Why Macs are better, part 3,648

Just posted the following to John Scalzi’s comments. Head over there to see the full context.

    It always annoys me when Mac zealotry is confused with Mac bigotry. Yes, people who engage in OS wars are annoying as heck. But that doesn’t mean that those of us who understand principles of UI and usability should be required to keep silent when we see the other 97% of you going through needless hardship.

    Case in point: was at a friend’s house this weekend and he asked for help fixing his home DSL and setting up his wireless network. No prob, I do that kind of thing for a living. So we banged our heads on a few brick walls for a while, while the Windows geek in attendance tried to detoxify the desktop computer that my friend didn’t know was broken. Six month old computer, occasionally exposed only to dial-up Internet, and the thing was completely hosed with spyware.

    So I said, “You’re a casual computer user with no interest in being a hobbyist. You want a computer that just works. You’re the classic example of someone who should be using a Mac mini.” Cue derision from the Windows side of the room.

    Yes, there are people who should be using Windows computers. (Windows programmers, day traders, gamers, and masochists.) The issue is that many people who really do not benefit from Microsoft are steered to it by default. When I don’t have my professional hat on, I’ll be glad to argue the emotional positives of the Mac. But as a pro, I’ll be doing a needs analysis and if I tell you to get a Mac, I’ve got good reason to. If you write me off, you’re just being stubbornly ignorant.

    Other commentary:

    Jim Winter: OS X is based on Next like Windows XP is based on DOS. Certain similarities continue to exist. But the code you’re using has been rewritten from the ground up. It’s more accurate to say that the Next programmers who were acquired by Apple ripped off their own best ideas. If you’ve ever used a Next box, you know that OS X is a heck of a lot more suitable for Mom and Pop.

    Mythago: it’s been quite a few years since Macs were more expensive than Windows; true for a while under Gil Amelio, not since. What was true is that you could buy a crappy PC with fewer features, and you couldn’t buy a crappy Mac. But if you took a Mac and tried to build a PC with the same hardware, it’d run you nearly the same cost. With the release of the Mac mini and the availability of the $1,000 iBook, the only way you can still complain about cost is if you want your Mac to come in the bottom of your Crackerjack.

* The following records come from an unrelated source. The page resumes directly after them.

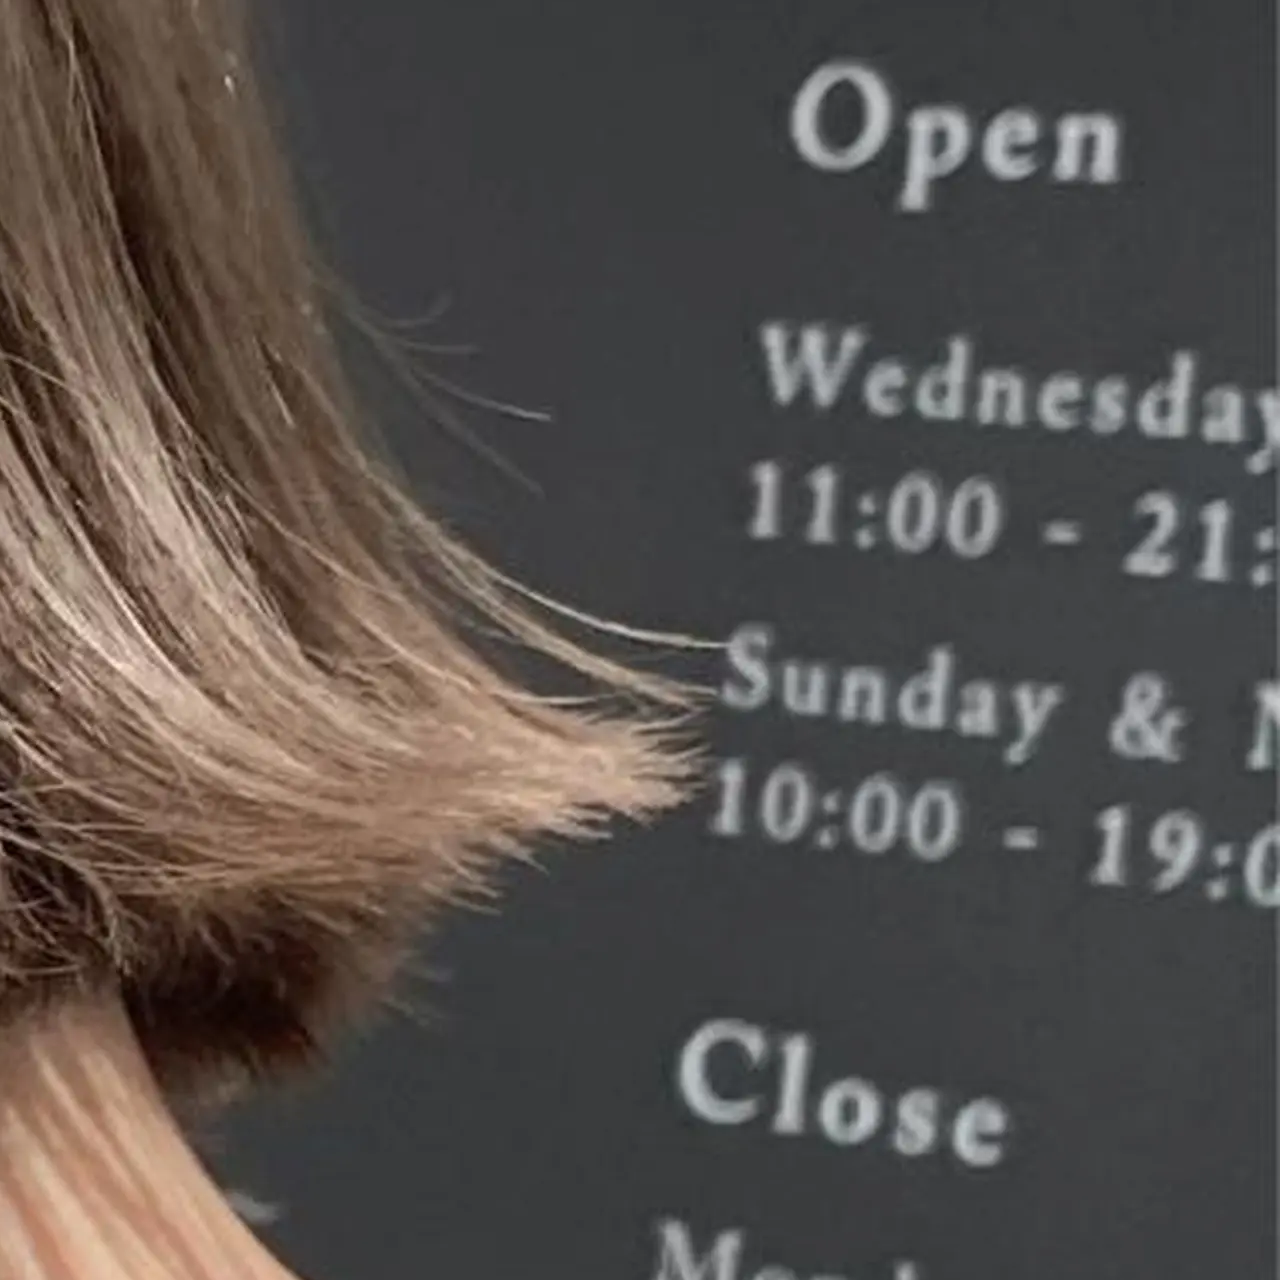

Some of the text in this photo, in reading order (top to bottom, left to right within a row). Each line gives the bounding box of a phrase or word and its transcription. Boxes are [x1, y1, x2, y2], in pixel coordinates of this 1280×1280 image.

[788, 60, 1123, 214] Open
[748, 460, 1003, 559] 11:00
[1042, 519, 1082, 546] -
[720, 623, 1064, 766] Sunday
[1106, 671, 1187, 764] &
[710, 757, 963, 862] 10:00
[1002, 826, 1040, 851] -
[676, 1017, 1010, 1168] Close

    David McNellis: the key to those thought bubbles in iChat, which AFAIK Apple was the first to twig to, is that it’s much better for fluid conversation when the other party knows you’re typing. Another one of those UI features we keep going on about.

    RooK: yes, there are many specialized apps that are only available on Windows. So long as everyone in those vertical markets keeps using Windows machines and doesn’t pressure developers for more options, this will continue.

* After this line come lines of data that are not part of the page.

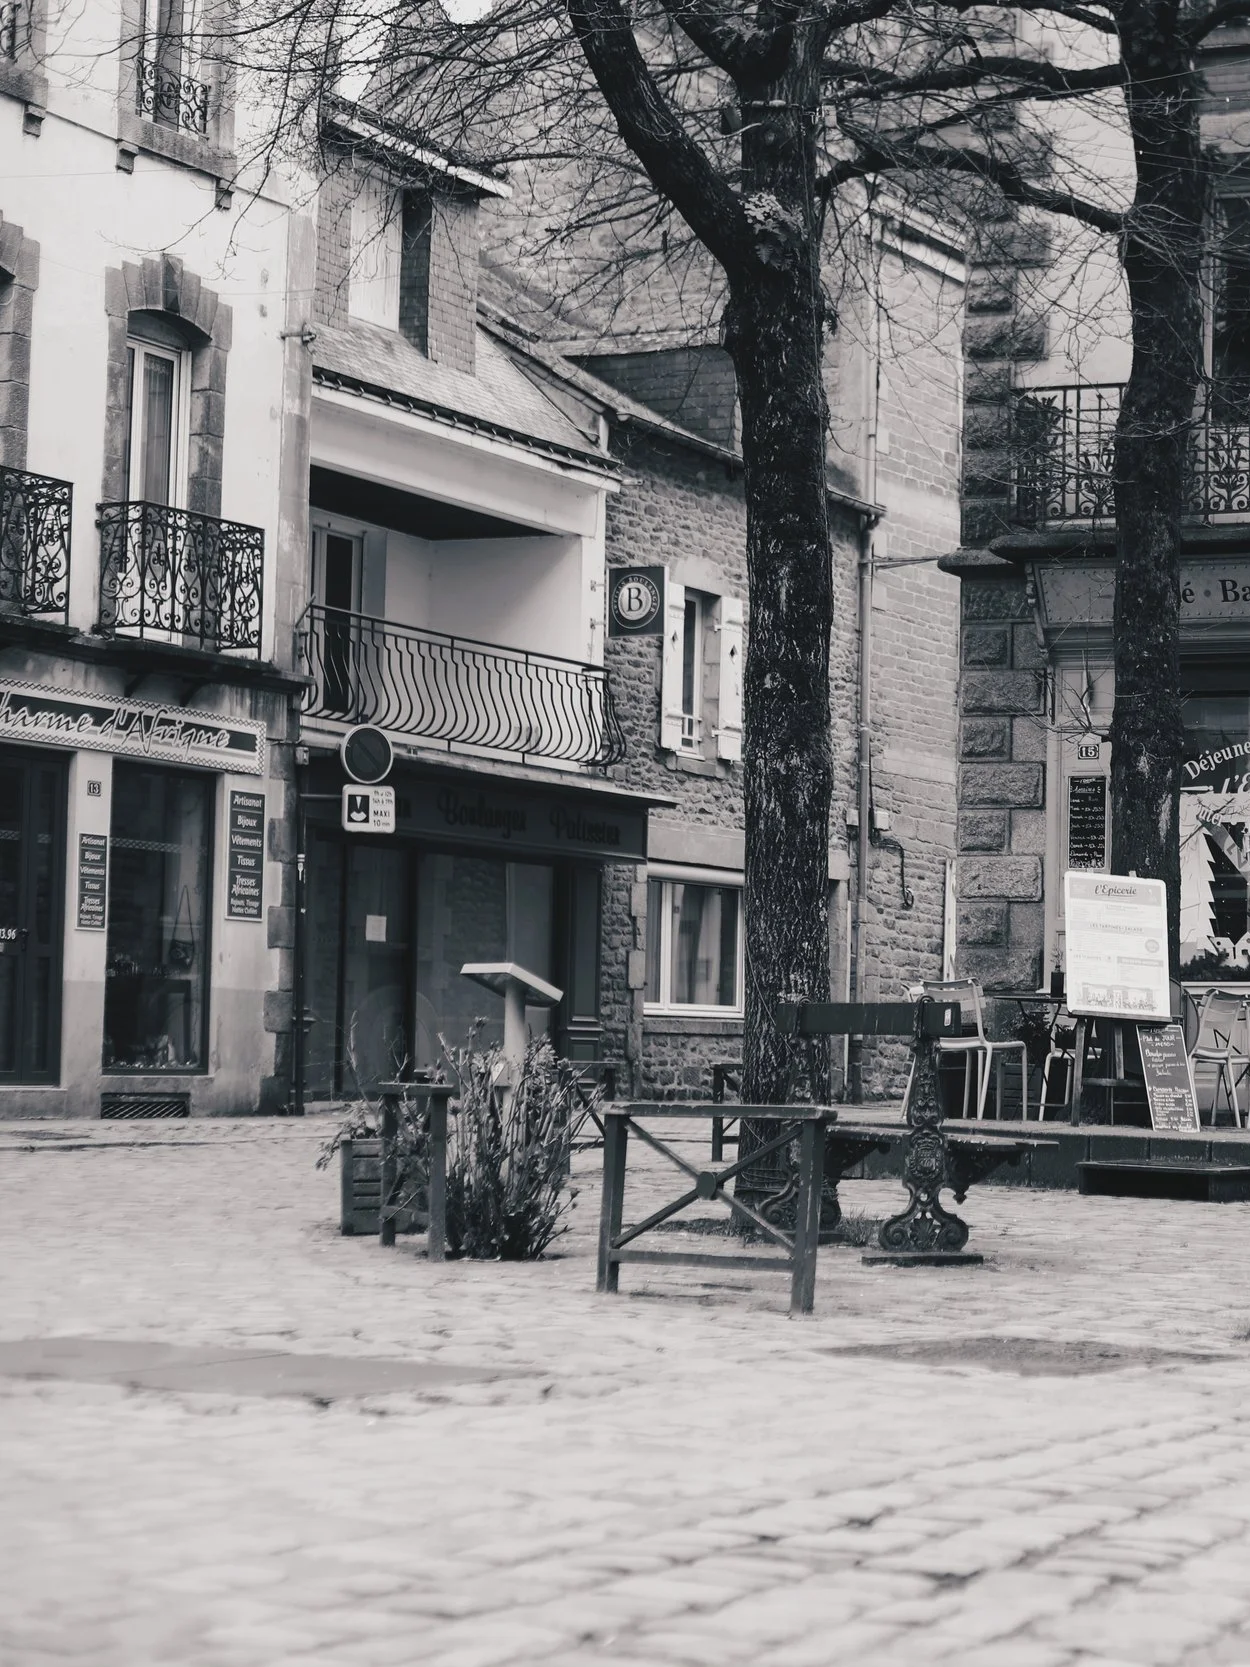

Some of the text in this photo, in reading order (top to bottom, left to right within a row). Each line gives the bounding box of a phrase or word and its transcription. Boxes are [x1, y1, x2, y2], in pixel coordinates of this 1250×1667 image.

[627, 587, 643, 612] B
[100, 708, 230, 760] d'Afrique
[1082, 746, 1095, 757] 15
[233, 795, 262, 807] Artisanat
[373, 810, 390, 818] MAXI
[237, 815, 257, 828] Bijoux
[231, 834, 262, 848] Vêtements
[237, 855, 256, 866] Tissus

    Jill: apologies that you’ve been bored by people who talk Mac. But I work in the industry, there are sound reasons why Macs are better in some situations, and it’s best for my industry (and others who depend on it) that people know what’s good and understand why.

Rethinking the news

Dave Pollard quotes Bill Maher:

The job of the media is to make interesting what is important.

And goes on to say:

What the legacy media do mostly now… is try to make important what the lowest common denominator of viewers find interesting — irrelevancies like celebrity trials and sensational crime stories.

The whole essay is definitely worth a read. I don’t agree with his conclusions, but they’re worthwhile and thought-provoking.